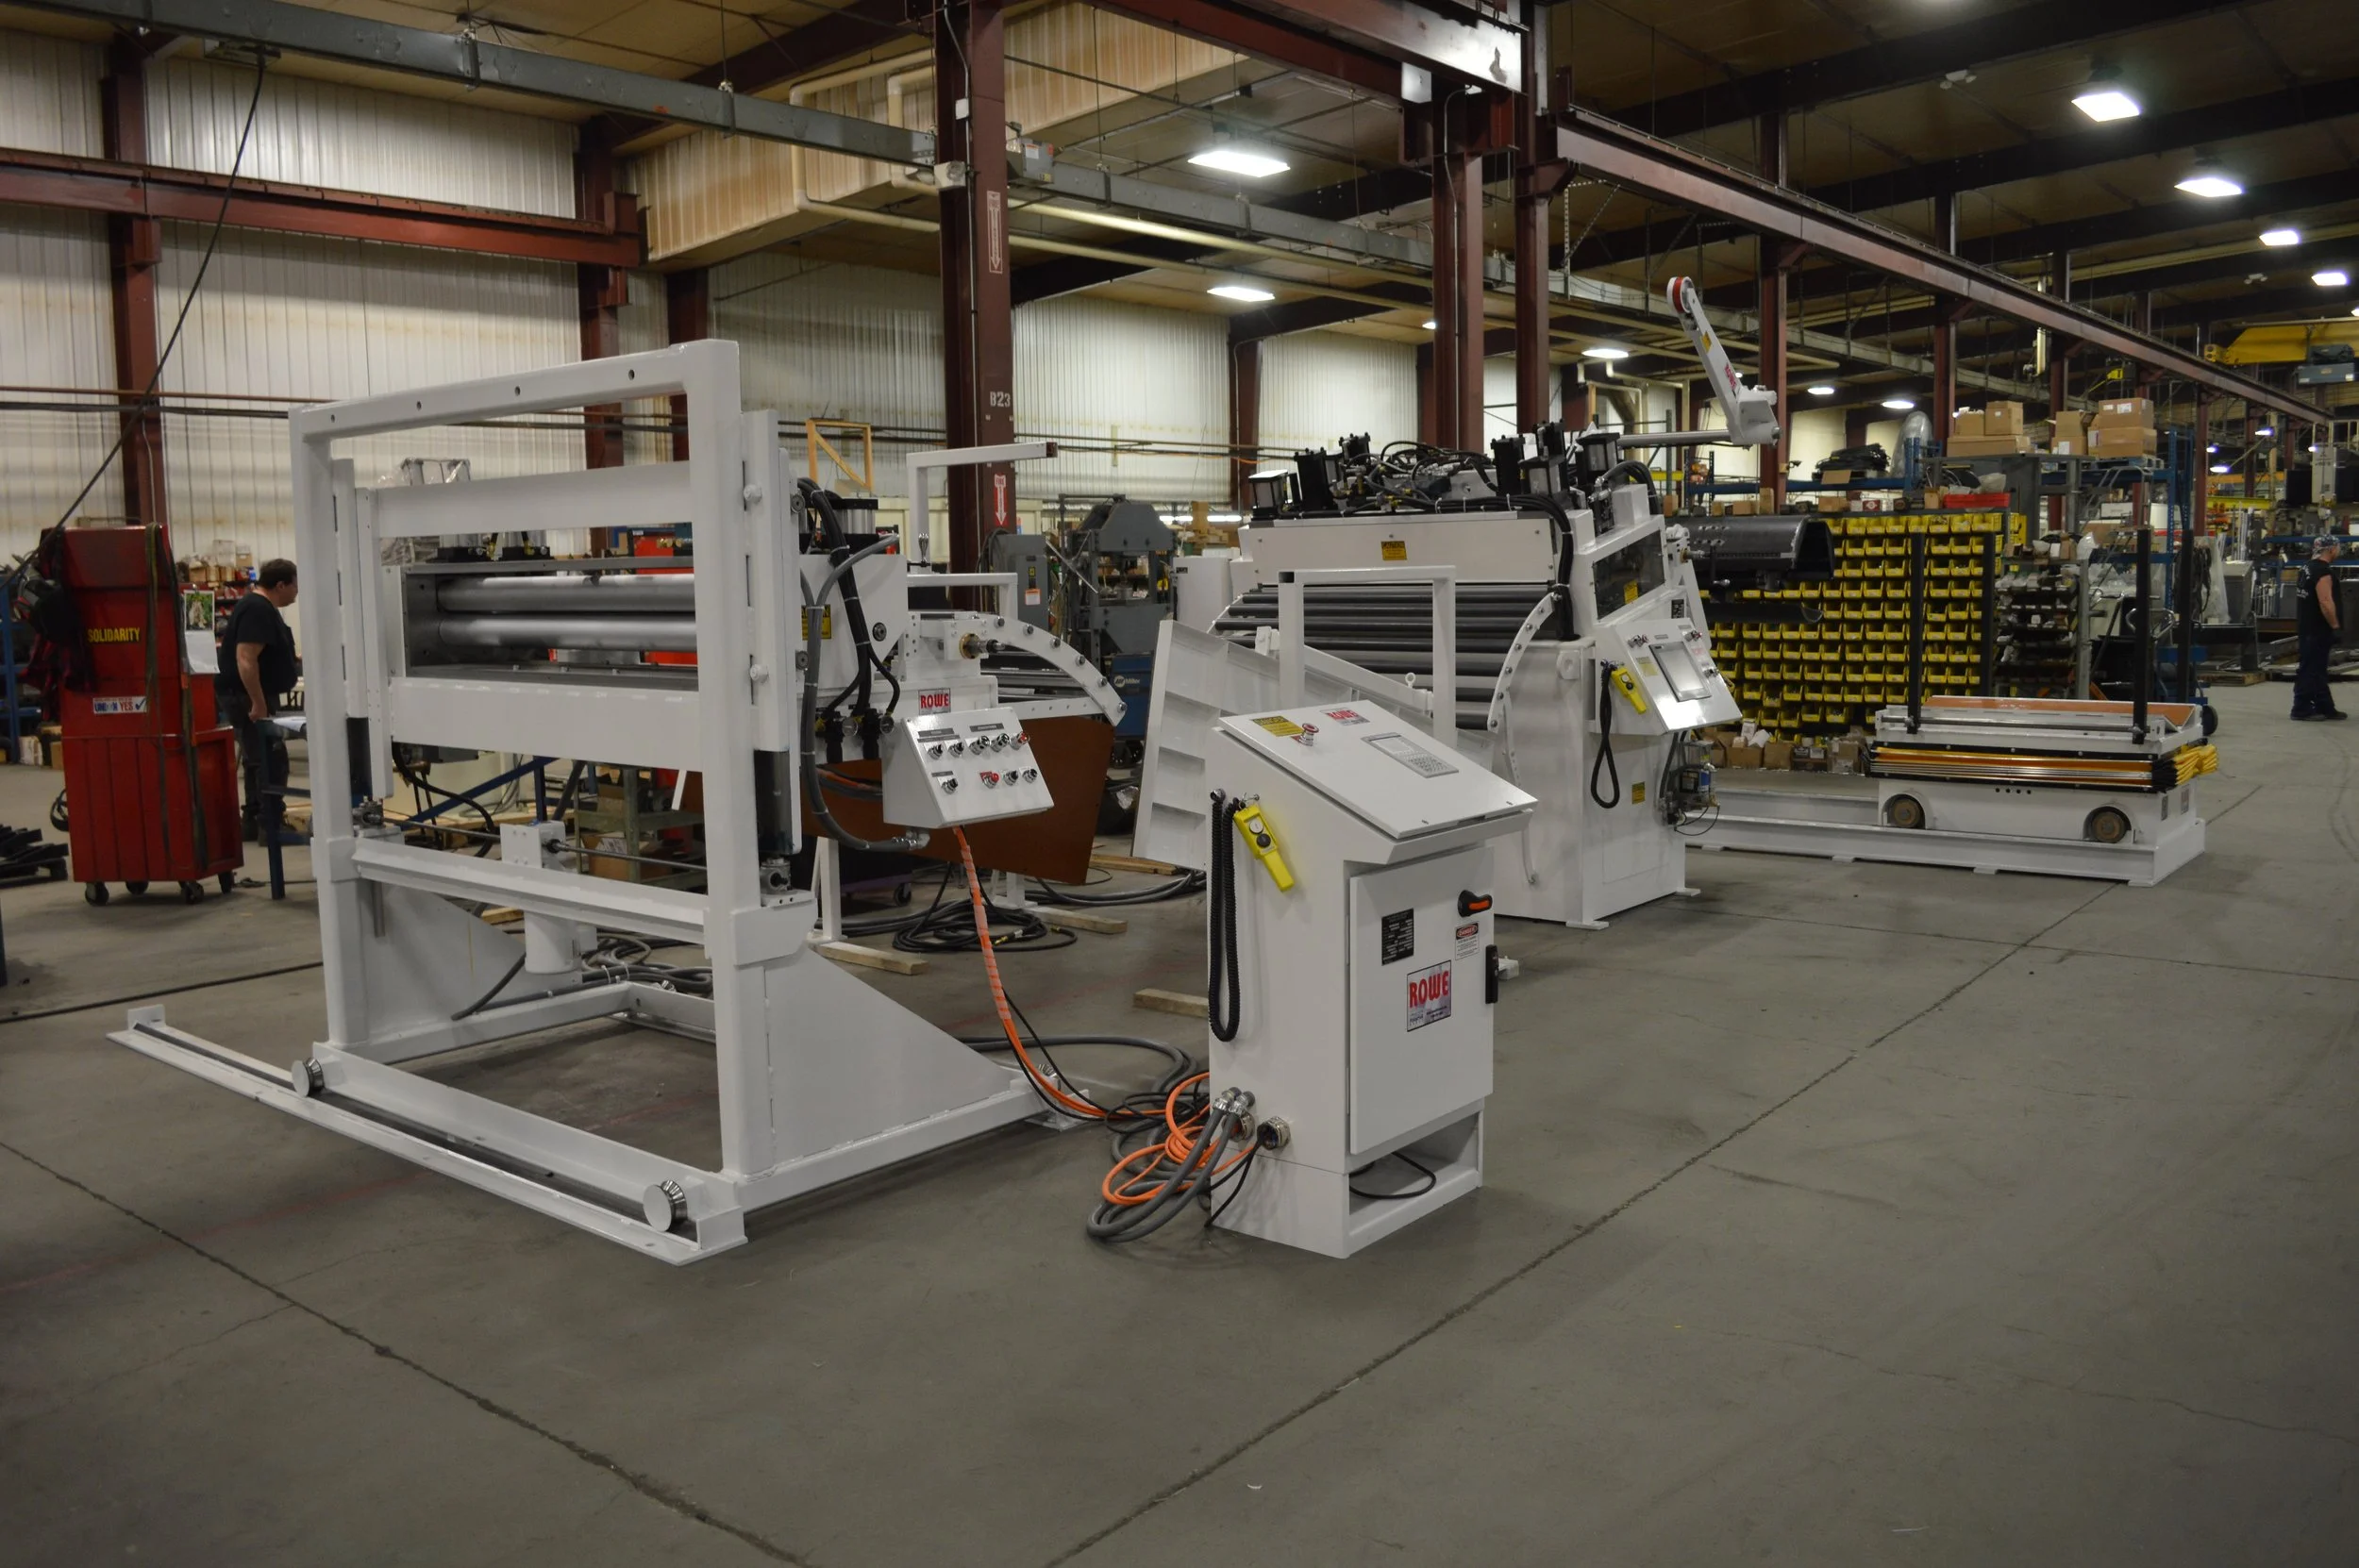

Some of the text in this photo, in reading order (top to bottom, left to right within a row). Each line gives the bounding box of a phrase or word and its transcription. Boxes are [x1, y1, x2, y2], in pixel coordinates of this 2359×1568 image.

[990, 391, 1011, 408] B23
[88, 627, 140, 642] SOLIDARITY
[119, 702, 134, 711] YES
[920, 693, 949, 709] ROWE
[1409, 970, 1449, 1009] ROWE
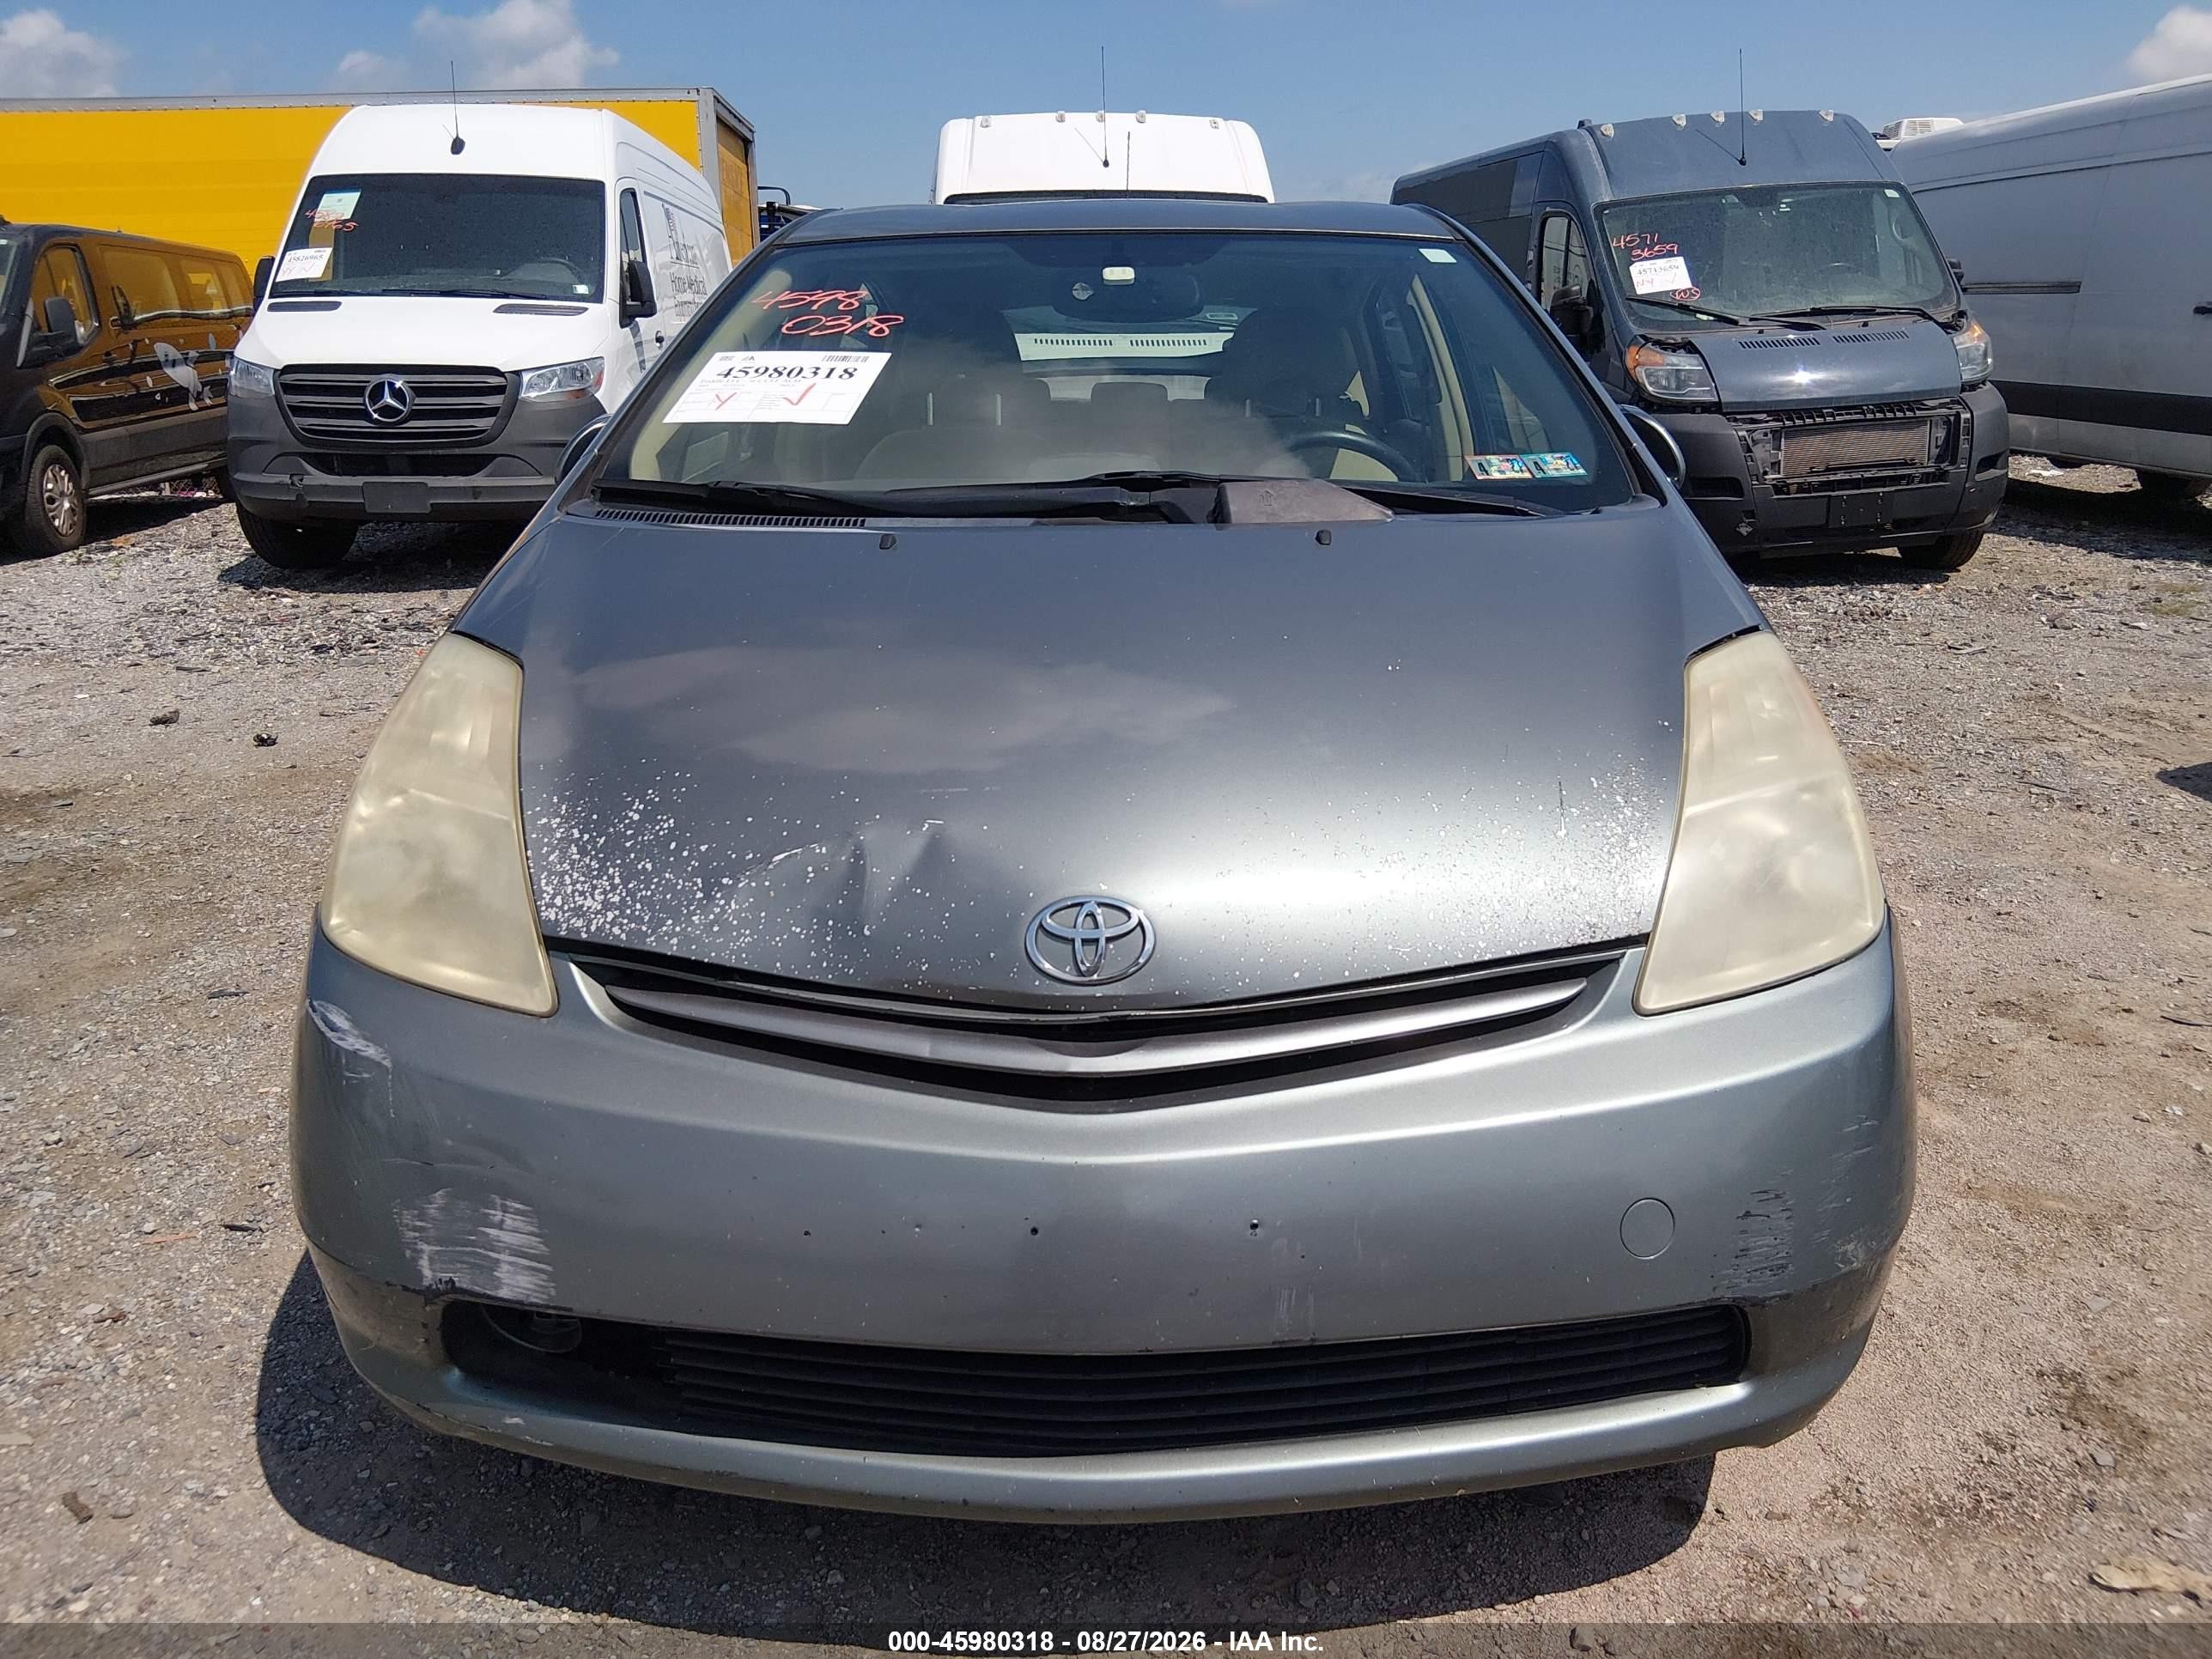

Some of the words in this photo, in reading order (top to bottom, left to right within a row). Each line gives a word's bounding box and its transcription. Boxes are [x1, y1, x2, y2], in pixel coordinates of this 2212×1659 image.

[1613, 233, 1658, 249] 4571
[1631, 243, 1679, 261] 3659
[670, 272, 687, 294] Home
[687, 275, 708, 296] Medical
[750, 289, 866, 310] 4598
[781, 315, 904, 337] 0318
[717, 366, 858, 380] 45980318

•••••

◆ **THE PROBLEM**: Every line above goes into your copy exactly; no images go in.

◆ **EXPECTED ANSWER**:
Some of the text in this photo, in reading order (top to bottom, left to right within a row). Each line gives the bounding box of a phrase or word and its transcription. Boxes are [x1, y1, x2, y2], in pixel coordinates of this 2359×1568 image.

[990, 391, 1011, 408] B23
[88, 627, 140, 642] SOLIDARITY
[119, 702, 134, 711] YES
[920, 693, 949, 709] ROWE
[1409, 970, 1449, 1009] ROWE

Some of the words in this photo, in reading order (top to bottom, left to right within a row). Each line gives a word's bounding box and its transcription. Boxes are [x1, y1, x2, y2], in pixel coordinates of this 2212×1659 image.

[1613, 233, 1658, 249] 4571
[1631, 243, 1679, 261] 3659
[670, 272, 687, 294] Home
[687, 275, 708, 296] Medical
[750, 289, 866, 310] 4598
[781, 315, 904, 337] 0318
[717, 366, 858, 380] 45980318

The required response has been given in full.